** Opening DATA FOR REVIEW block **

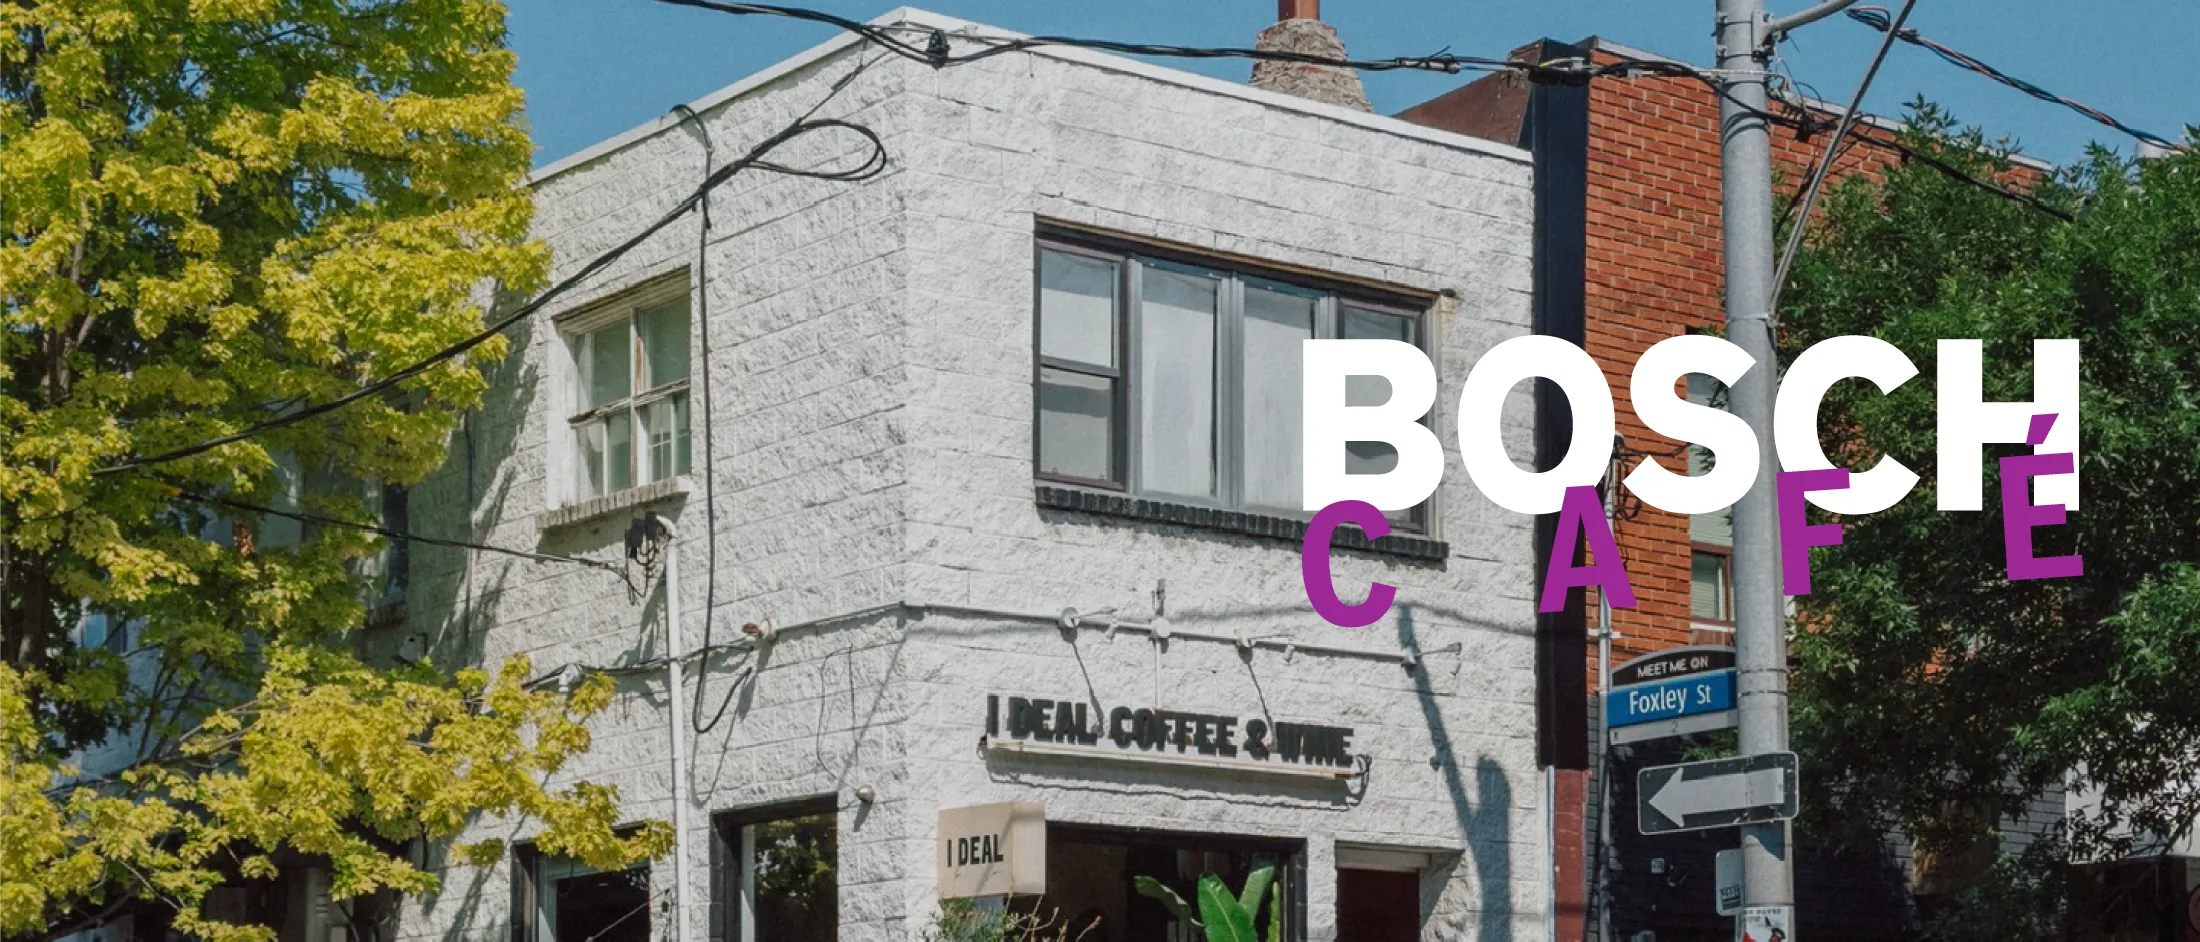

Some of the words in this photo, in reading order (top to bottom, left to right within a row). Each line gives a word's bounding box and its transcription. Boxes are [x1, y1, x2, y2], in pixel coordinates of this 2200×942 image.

[1637, 662, 1667, 678] MEET
[1670, 658, 1688, 672] ME
[1690, 655, 1709, 670] ON
[1629, 686, 1687, 715] Foxley
[1696, 684, 1712, 705] St
[986, 695, 999, 737] I
[1007, 696, 1098, 745] DEAL
[1109, 706, 1239, 757] COFFEE
[1244, 718, 1270, 761] &
[1273, 721, 1355, 767] WINE
[947, 838, 952, 868] I
[958, 833, 1004, 867] DEAL
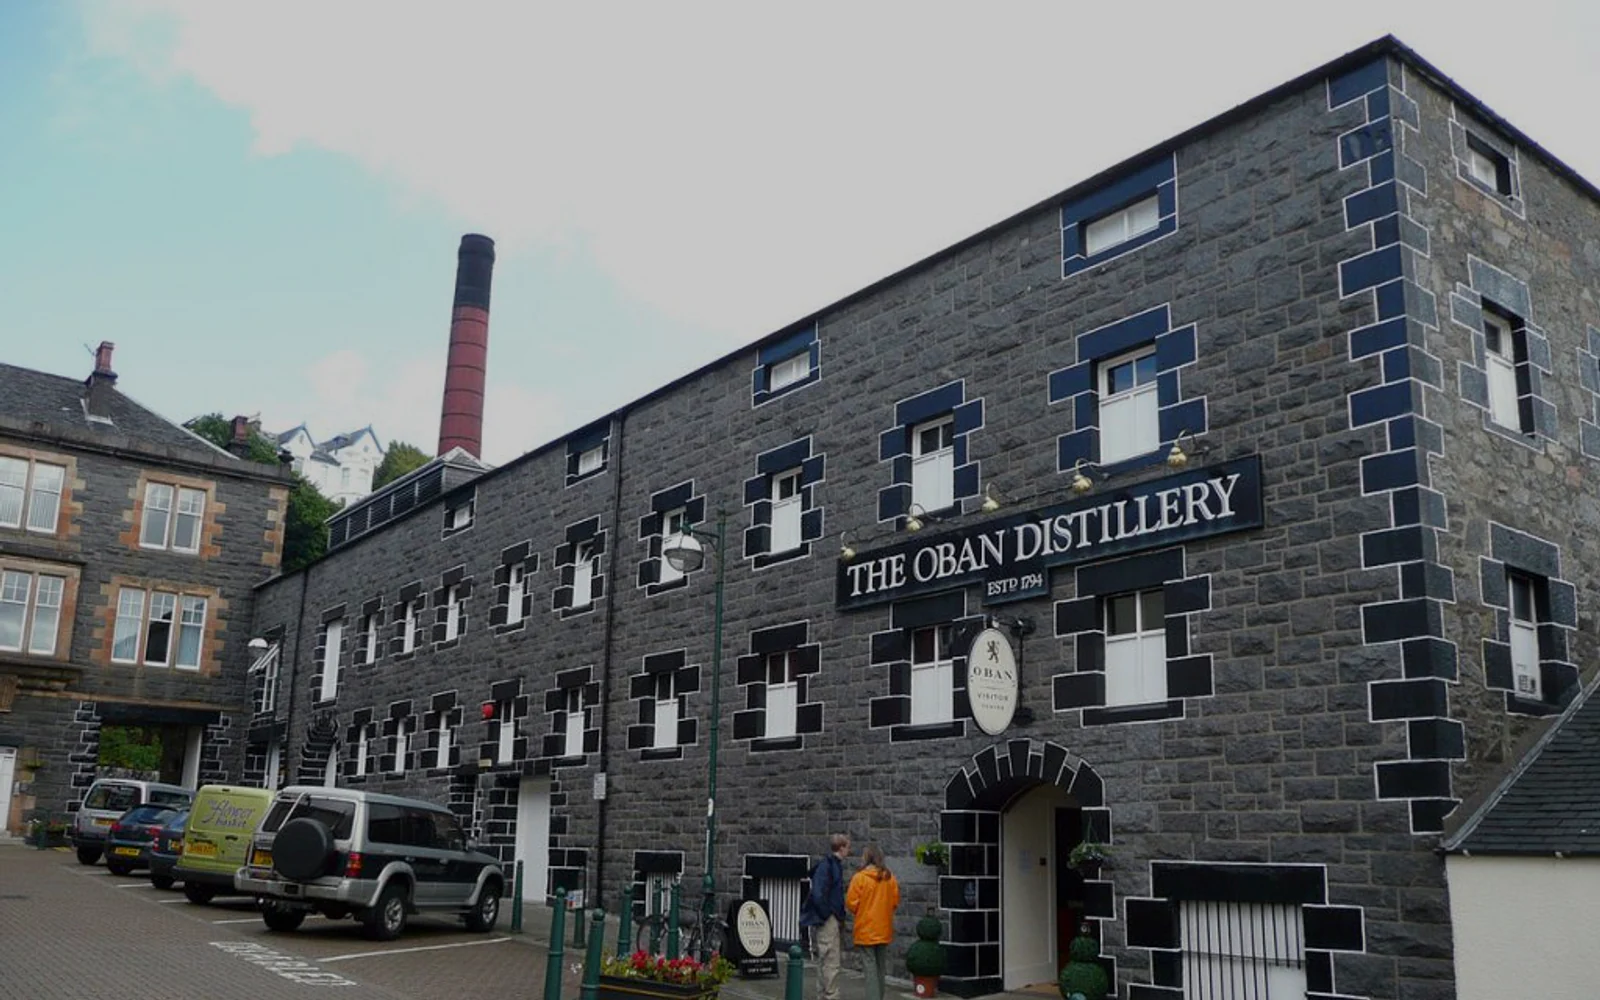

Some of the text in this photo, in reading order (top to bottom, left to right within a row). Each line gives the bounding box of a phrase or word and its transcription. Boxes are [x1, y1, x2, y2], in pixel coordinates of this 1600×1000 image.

[846, 473, 1241, 597] THE OBAN DISTILLERY
[1020, 573, 1043, 590] 1794
[973, 665, 1013, 681] OBAN
[977, 691, 1009, 702] VISITOR

** Closing DATA FOR REVIEW block **

▸ **WHAT IS EXPECTED**
Taking the line with "Some of the text" as the start and the last line of the data above as the end, write out those two lines and every line between them exactly, and only those.

▸ **RESPONSE AREA**
Some of the text in this photo, in reading order (top to bottom, left to right within a row). Each line gives the bounding box of a phrase or word and its transcription. Boxes are [x1, y1, x2, y2], in pixel coordinates of this 1600×1000 image.

[846, 473, 1241, 597] THE OBAN DISTILLERY
[1020, 573, 1043, 590] 1794
[973, 665, 1013, 681] OBAN
[977, 691, 1009, 702] VISITOR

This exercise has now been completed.